Proprio sul tracciato di Yas Marina si è deciso di disputare una sola giornata di test anziché tre, optando per la riduzione dei costi a causa dell’emergenza sanitaria da Covid-19. All’inizio si era pianificato di far svolgere un test riservato ai giovani piloti, cui regolamento prevedeva lo schieramento di piloti che non avevano gareggiato più di due Gran Premi in carriera.

La FIA, successivamente alla decisione di far scendere in pista Fernando Alonso, è stato permesso di svolgere il test anche ad altri piloti noti che questa stagione di F1 non hanno gareggiato a pieno regime. Inoltre, rispetto ai test pre-stagionale, i team hanno la possibilità di provare in pista due monoposto.

Test Abu Dhabi, ecco i piloti schierati dalle scuderie

La Mercedes schiererà: Stoffel Vandoorne e Nyck de Vries.

La scuderia con le Frecce d’Argento, vincitrice del mondiale 2020 di F1, ha voluto far scendere in pista i suoi piloti di Formula E. Il pilota belga Vandoorne, ha corso due stagioni intere in F1 a bordo della McLaren nel 2017 e nel 2018, totalizzando 41 GP. Il pilota olandese de Vries, ha fatto parte del programma junior della McLaren ed è stato campione di Formula 2 nel 2019.

La Red Bull schiererà: Sebastian Buemi e Juri Vips.

Il primo pilota ha eseguito 55 partenze in F1 sul sedile della Toro Rosso. Il secondo pilota, invece, ha totalizzato otto presenze in Formula 2 quest’anno e la prossima stagione correrà a pieno regime.

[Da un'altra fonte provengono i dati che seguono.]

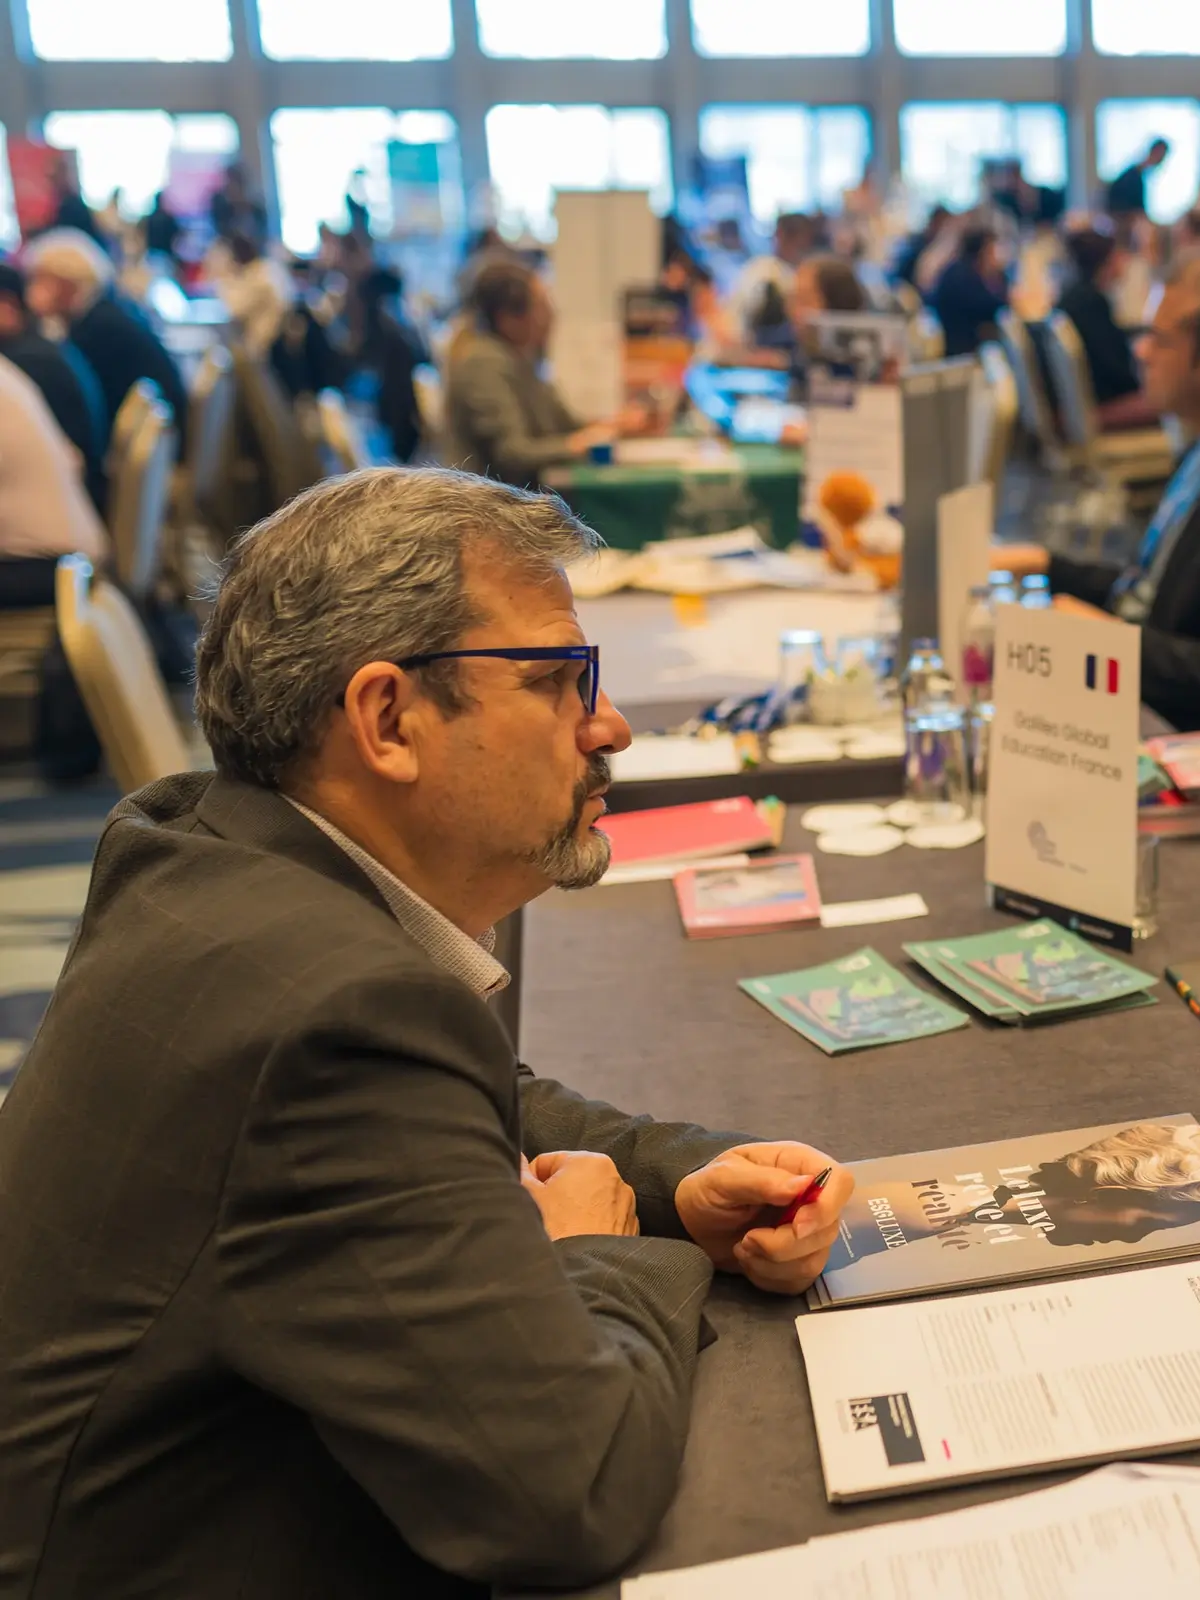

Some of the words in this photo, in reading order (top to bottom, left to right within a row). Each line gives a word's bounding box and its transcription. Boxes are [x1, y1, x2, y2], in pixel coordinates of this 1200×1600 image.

Sia la McLaren che la Racing Point non prenderanno parte al test di Abu Dhabi, in quanto si sono opposte alla decisione di schierare in pista piloti non giovani.

La Renault schiererà: Fernando Alonso e Guanyu Zhou.

Dopo due stagioni lontano dal Circus il pilota spagnolo all’età di 39 anni si rimette in gioco dopo aver collezionato 311 presenze in F1. Il secondo pilota è il leader della Renault Sport Academy, con cui questa stagione ha gareggiato a pieno regime in F2.

La Ferrari schiererà: Robert Shwartzman e Antonio Fuoco.

Il primo pilota è già vincitore in F2 e all’inizio del 2020 ha testato una Ferrari del 2018 insieme a Mick Schumacher e Callum Ilott. Il secondo pilota, invece, quest’anno ha lavorato soprattutto alla simulazione per la rossa di Maranello.

L’Alpha Tauri schiererà: Yuki Tsunoda e Marino Sato.

L’Alfa Romeo farà scendere in pista Robert Kubica e Callum Ilott.

La Haas schiererà Mick Schumacher, probabilmente il più atteso in questa singola sessione di test di Yas Marina. Il figlio della leggenda Michael e neo campione di Formula 2, sarà l’unico a scendere in pista in quanto il suo compagno di scuderia, Nikita Mazepin, non ci sarà.

Infine la Williams schiererà: Jack Aitken e Roy Nissany.

Il primo pilota doveva prendere parte al test riservato ai piloti giovani come pilota di riserva, ma sarà l’unico giovane a partecipare al test pur avendo gareggiato quest’anno in F1. Il secondo pilota è il development driver Williams, il quale questa stagione ha partecipato a tre sessioni di prove libere per la scuderia e ha disputato la stagione a pieno regime in F2.